Je suis heureux de voir sur grand écran ces images de manif – ces images des luttes autant que cette lutte pour les images – leur place est au cinéma. Si je suis critique envers ce film, je reste admiratif qu’il pose la question d’une lutte populaire comme celle des Gilets-Jaunes et d’une autre, celle des vidéos amateurs dans le champ de l’image. Avec ces films, bons ou mauvais, qui prennent à bras le corps le monde actuel et les formes qu’il produit, le cinéma redevient politique (et plus seulement un produit culturel) parce qu’il recrée du commun et c’est au moins l’intérêt de ce film que de se proposer comme support d’un commun – un an et demi de lutte intense et des milliers d’images youtube.

Immédiatement, lorsque le cinéma est commun, la critique redevient primordiale et tout simplement possible. Il devient possible et intéressant de discuter d’un film comme Un pays qui se tient sage.

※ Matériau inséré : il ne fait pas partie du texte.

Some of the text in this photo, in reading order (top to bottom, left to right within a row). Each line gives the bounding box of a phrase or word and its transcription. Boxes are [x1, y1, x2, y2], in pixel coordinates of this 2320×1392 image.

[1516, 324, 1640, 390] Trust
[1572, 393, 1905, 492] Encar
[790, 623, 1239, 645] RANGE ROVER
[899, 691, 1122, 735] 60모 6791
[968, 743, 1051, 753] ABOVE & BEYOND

Et pas seulement probable mais nécessaire car il s’agit avec ce film de débattre d’au moins deux problématiques majeures : que faire des images « amateur » des violences policières et quel est le lien entre ces images et quelque chose qui s’appellerait le cinéma ? Et par ailleurs, à qui donner la parole, comment documenter une lutte ?

LES IMAGES

La communication du film – une mise en abyme de l’écran de téléphone – et les premières séquences – une image projetée sur un mur et au premier plan la silhouette d’un spectateur – disent de façon manifeste, comme s’il fallait prévenir les spectateurs, et peut-être s’en excuser : attention, ce film se pose la question de l’image. Mais ne soyons pas mauvaise langue, il ne s’agit pas simplement de réclame, le film entier repose sur l’idée (très à la mode) de distanciation, signifiant « une mise à distance de ». Le film voudrait nous mettre à distance de ces images que l’on trouve partout sur internet.

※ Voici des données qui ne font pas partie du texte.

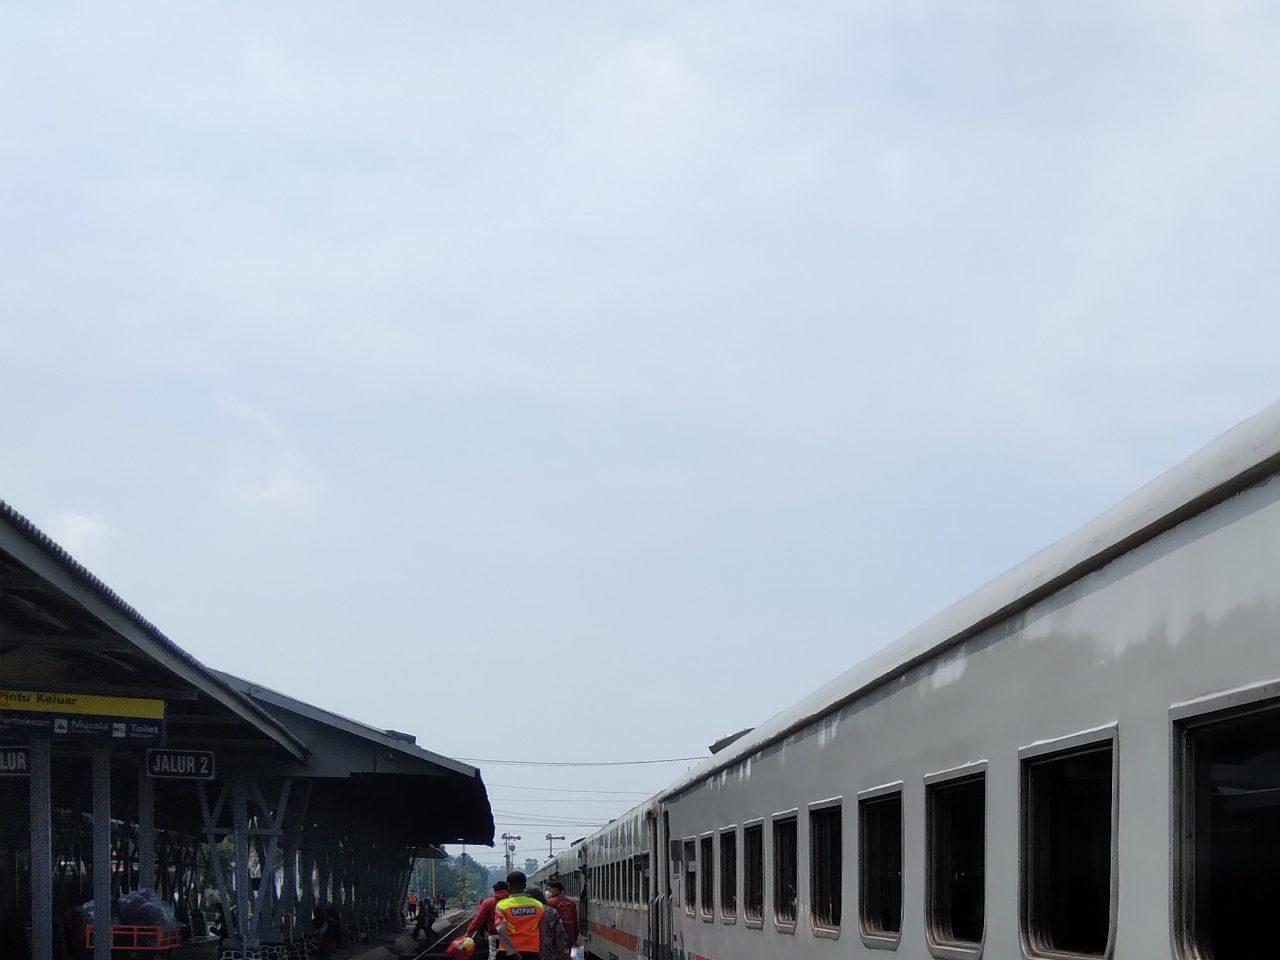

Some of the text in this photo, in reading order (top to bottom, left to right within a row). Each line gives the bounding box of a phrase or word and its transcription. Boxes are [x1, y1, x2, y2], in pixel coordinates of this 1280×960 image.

[36, 693, 78, 705] Keluar
[130, 723, 159, 734] Toilet
[152, 754, 209, 774] JALUR 2
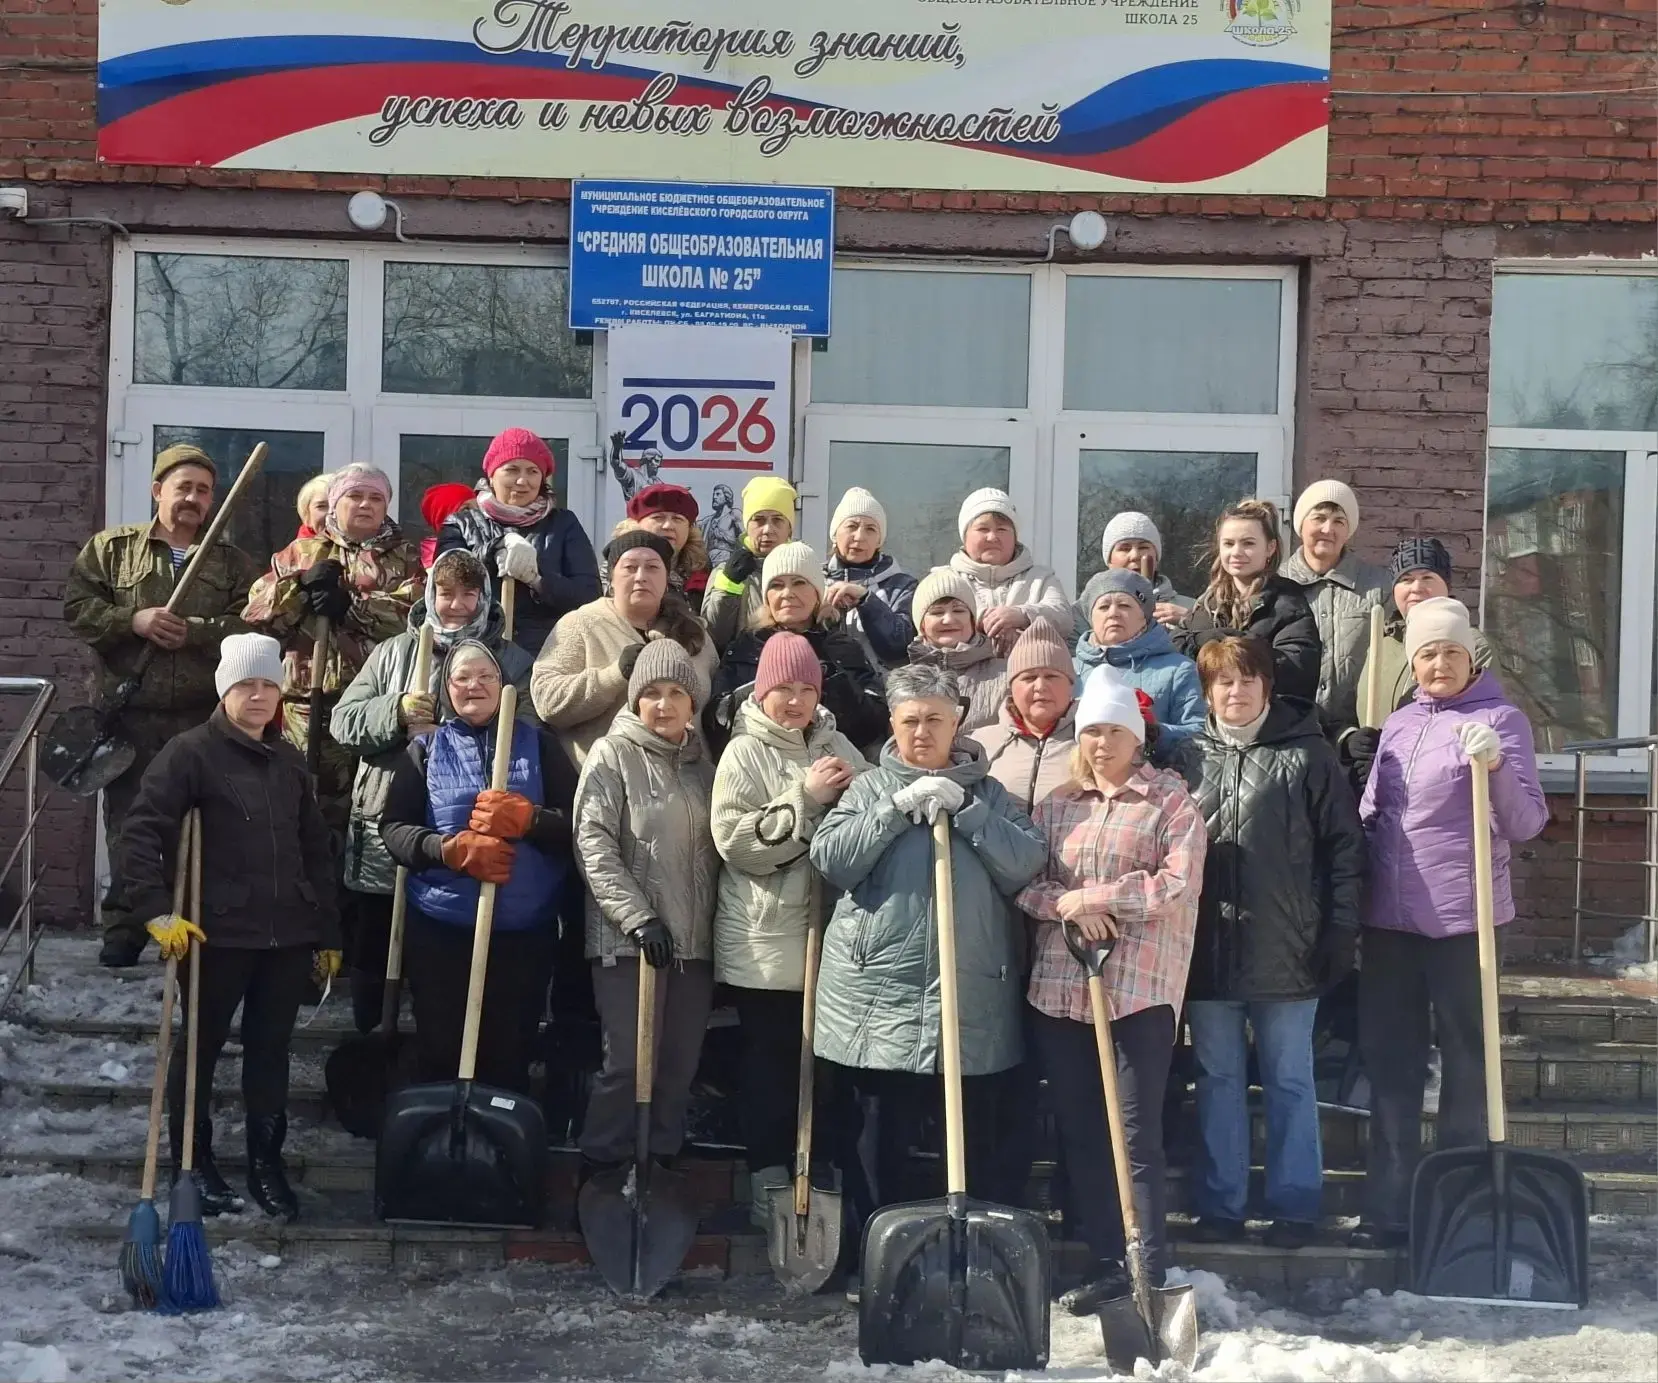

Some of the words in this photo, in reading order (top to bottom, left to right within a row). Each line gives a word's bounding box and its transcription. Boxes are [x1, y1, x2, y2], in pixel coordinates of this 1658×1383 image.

[1125, 13, 1178, 25] ШКОЛА
[1182, 14, 1198, 25] 25
[473, 0, 795, 71] Территория
[794, 22, 966, 77] знаний,
[369, 94, 524, 145] успеха
[537, 100, 570, 130] и
[578, 72, 712, 137] новых
[723, 75, 1062, 157] возможностей
[581, 190, 658, 202] МУНИЦИПАЛЬНОЕ
[659, 192, 715, 204] БЮДЖЕТНОЕ
[716, 195, 825, 208] ОБЩЕОБРАЗОВАТЕЛЬНОЕ
[591, 204, 649, 216] УЧРЕЖДЕНИЕ
[650, 206, 717, 217] КИСЕЛЁВСКОГО
[719, 208, 775, 220] ГОРОДСКОГО
[776, 210, 809, 221] ОКРУГА
[650, 233, 823, 260] ОБЩЕОБРАЗОВАТЕЛЬНАЯ
[642, 265, 705, 289] ШКОЛА
[709, 268, 728, 290] №
[623, 299, 677, 308] РОССИЙСКАЯ
[732, 302, 791, 311] КЕМЕРОВСКАЯ
[621, 393, 776, 454] 2026

Dans ce but, un tournage a été réalisé dans une salle obscure où des invité.e.s font face à certaines de ces images projetées devant eux. Ces invité.e.s sont, comme nous, des spectateurs de ces images, parfois des acteurs et le plus souvent des commentateurs. Ils/elles vont délivrer des discours sur ces images et de temps en temps, installé.e.s autour d’une table et de chaises, débattre des images qu’ils (re)voient. Nous sommes donc face à deux sources audiovisuelles : d’une part des images et des sons amateurs – parfois pixelisées et de mauvaise qualité – prisent avec des téléphones lors de manifestations des Gilets-jaunes entre novembre 2018 et aujourd’hui. Des images projetées sur un mur dans le film ou mises directement à l’écran où l’on voit le plus souvent des brutalités policières ; on y voit des formes, des couleurs, des affrontements dans une multitude d’échelles de plans et de cadrages, on y entend des bruits de combats, de souffrances, des cris, des bruits d’explosions et des sirènes. De l’autre, des images professionnelles et neutres – en haute définition – des plans moyens ou rapprochés d’individus assis et discutant ; on y entend des échanges de paroles. Voilà le fameux « dispositif » (autre mot à la mode) choisi par le réalisateur et mis en place dans ce film : rien de ouf.

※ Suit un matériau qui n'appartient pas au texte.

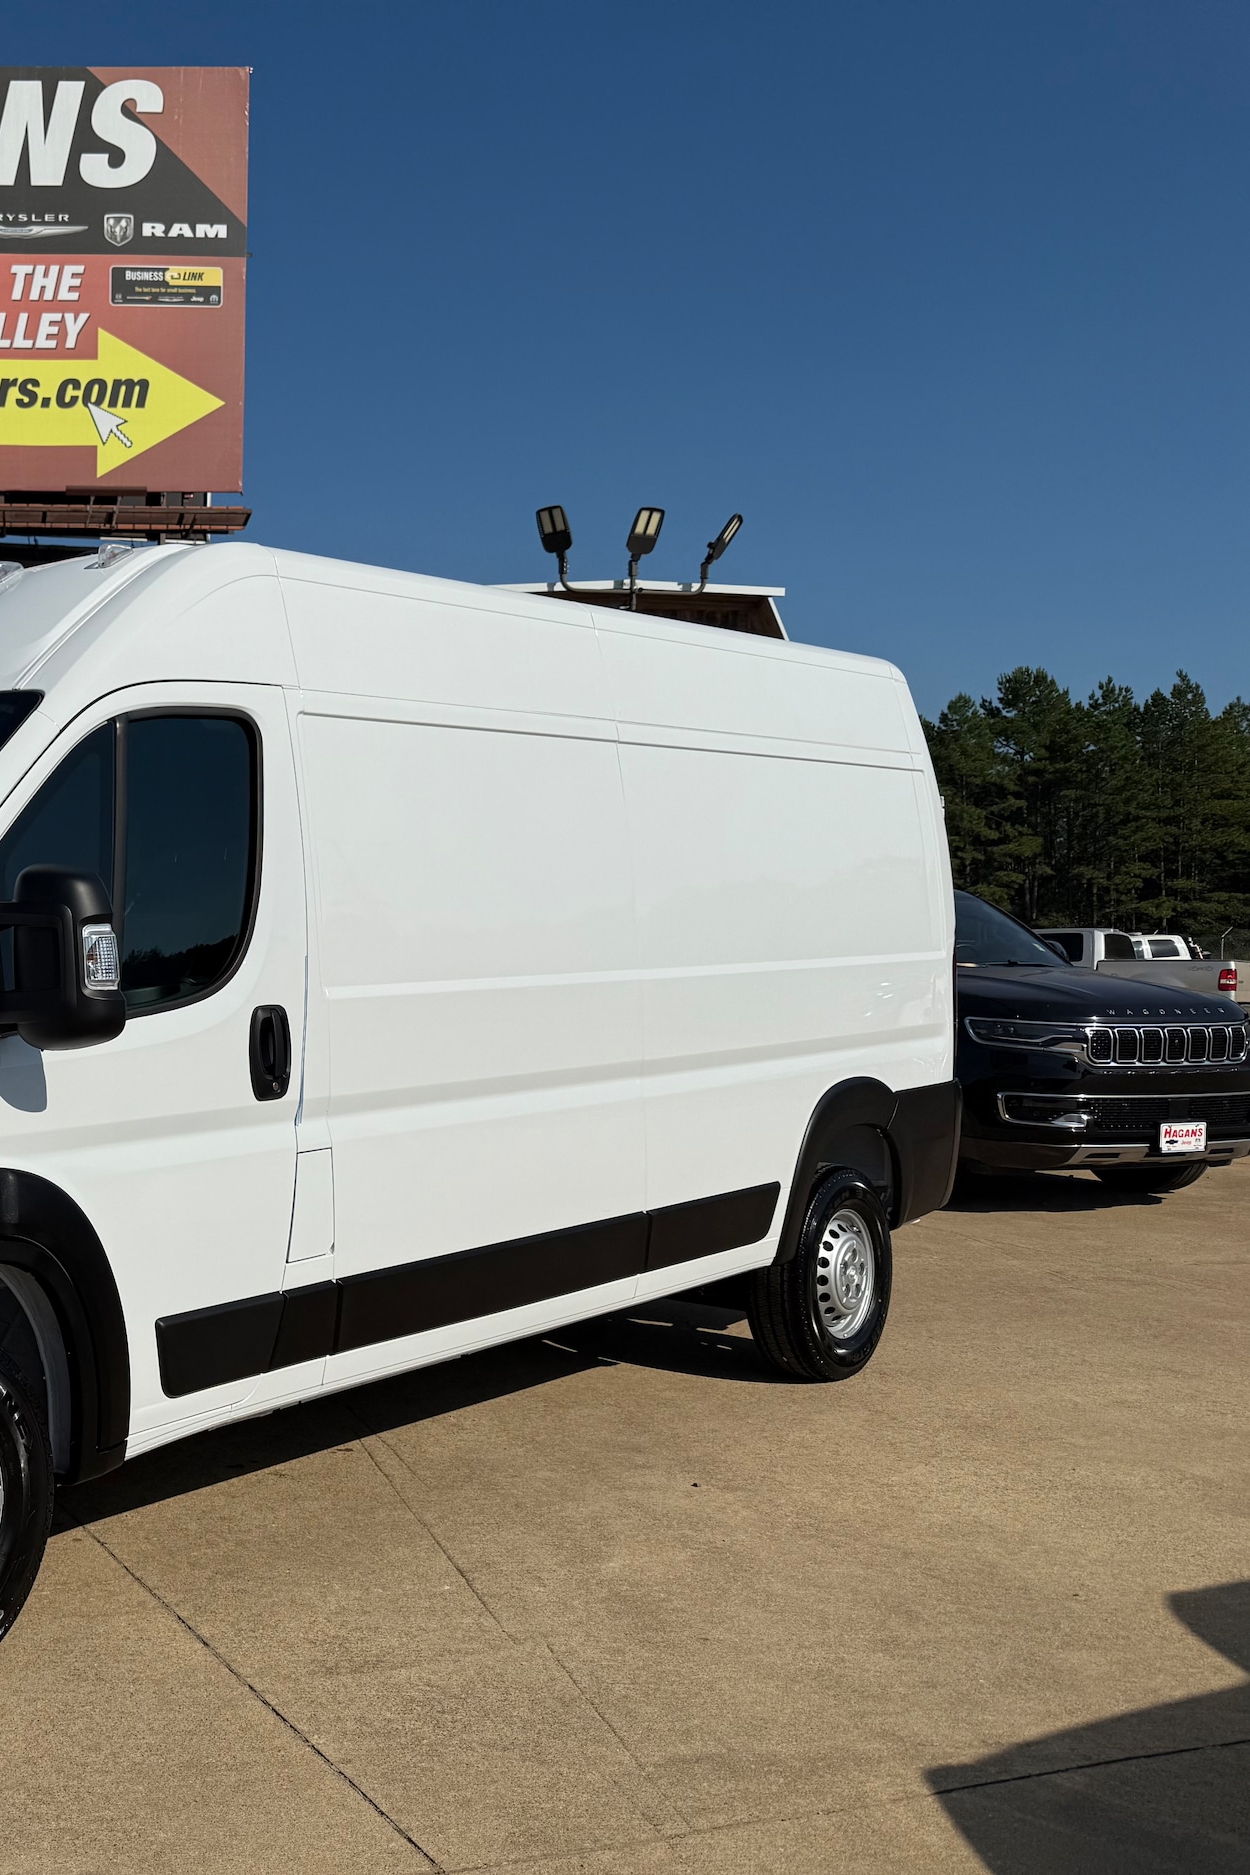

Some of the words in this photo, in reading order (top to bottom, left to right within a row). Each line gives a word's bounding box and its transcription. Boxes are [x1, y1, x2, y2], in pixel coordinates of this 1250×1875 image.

[141, 222, 228, 239] RAM
[125, 270, 164, 281] BUSINESS
[182, 271, 204, 281] LINK
[10, 265, 85, 302] THE
[1164, 1127, 1203, 1138] HAGANS

Il est vrai qu’interroger l’image c’est se poser simultanément la question du « dispositif », c’est-à-dire du cadre dans laquelle elle est réalisée – « tout ce qui a d’une manière ou d’une autre, la capacité de capturer, d’orienter, de déterminer, d’intercepter, de modeler, de contrôler et d’assurer les gestes, les conduites, les opinions et les discours des êtres vivants » (Agemben). Or, si le film, avec ces effets d’annonce, veut s’en prendre à la question de l’image c’est sans la profondeur d’une analyse des dispositifs. Se poser la question de comment ont été réalisées les images des autres c’est se poser la question de comment on veut réaliser les siennes ; déconstruire des dispositifs c’est en construire d’autres. Dans ce film, le « dispositif » se limite à faire parler des individus devant des images et par là n’interroge qu’un seul aspect des images « amateur » : leur réception.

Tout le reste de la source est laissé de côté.